Aims: To assess the incidence density of local complications of peripheral venous catheters in patients aged 70 years and older, to identify risk factors for local complications of peripheral venous catheters, to describe microbiological epidemiology and to assess the impact of complications on patient outcomes.

Design: Prospective, observational, single-centre study.

Methods: Patients 70 years and older admitted to the geriatric department of a teaching hospital in France between December 2019 and May 2020 were considered for inclusion if they had a peripheral venous catheter during their stay. Nurses checked the catheter insertion site three times a day for local complications; physicians ensured the follow-up of complications. The STROBE checklist was used in this prospective observational study.

Results: A total of 322 patients were included, with 849 peripheral venous catheters; the median age was 88 years and 182 (56.5%) were women. The incidence density of local complications was 50.5/1000 peripheral venous catheter-days. Risk factors for local complications on multivariate analysis were dressing replacement (OR 1.18), furosemide (OR 1.11) and vancomycin (OR 1.60) infusion, urinary continence (OR 1.09) and hematoma at the catheter insertion site (OR 1.15). Thirteen cellulitis and three abscesses were diagnosed. Occurrence of a local complication was associated with a 3-day increased duration of hospital stay (17 vs. 14 days).

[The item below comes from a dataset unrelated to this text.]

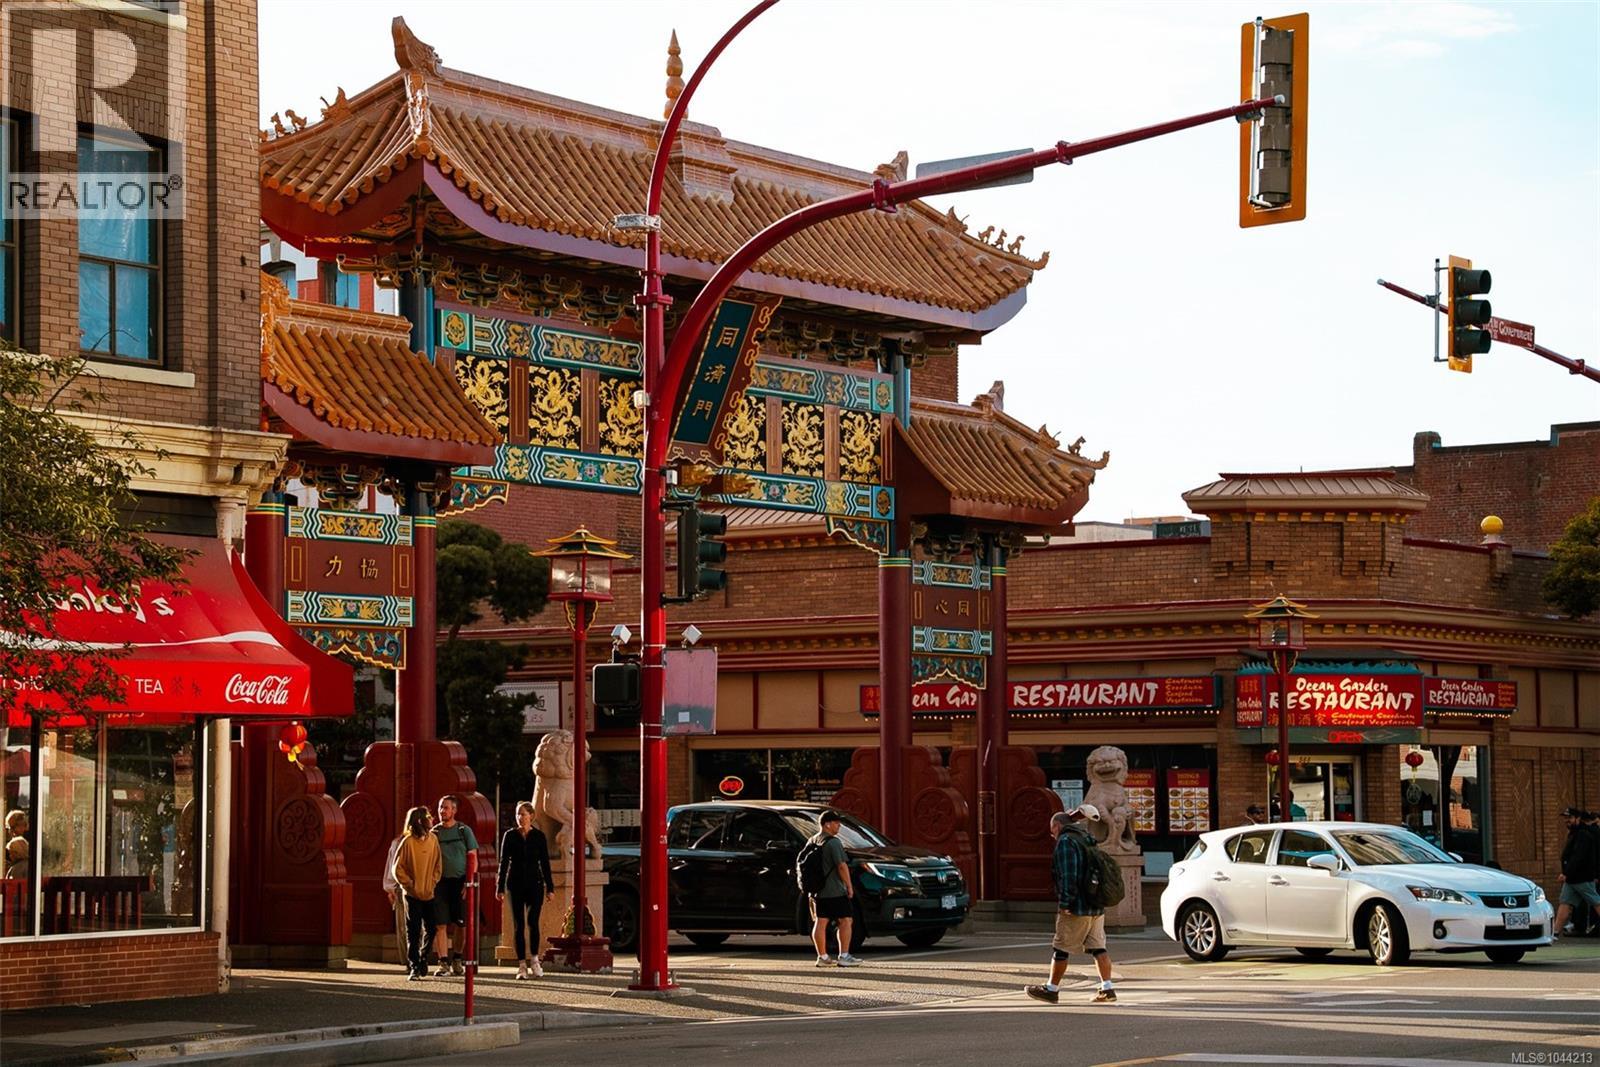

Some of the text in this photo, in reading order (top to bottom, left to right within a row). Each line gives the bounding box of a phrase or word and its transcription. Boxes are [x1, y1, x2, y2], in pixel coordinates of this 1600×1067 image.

Conclusion: Risk factors for peripheral venous catheter local complications include urinary continence, furosemide or vancomycin infusion, hematoma at the peripheral venous catheter insertion site or dressing replacement.

Implication For The Patient Care: Closer clinical monitoring may help reduce the occurrence of local peripheral venous catheters complication in patients 70 years and older.

Relevance To Clinical Practice: Patients at greater risk of peripheral venous catheter local complications deserve closer clinical monitoring or improved preventive measures, which may be beneficial to reduce the length of hospital stay.

No Patient Or Public Contribution: The study was designed to describe risk factors for local complications of peripheral venous catheters in order to reinforce surveillance in this specific population by nurses and medical staffs. Patients had their peripheral venous catheter insertion site checked thrice a day by the nurse in charge as part of usual care. They, as service users, caregivers or members of the public, were not solicited for data collection, analysis, interpretation or preparation of the manuscript.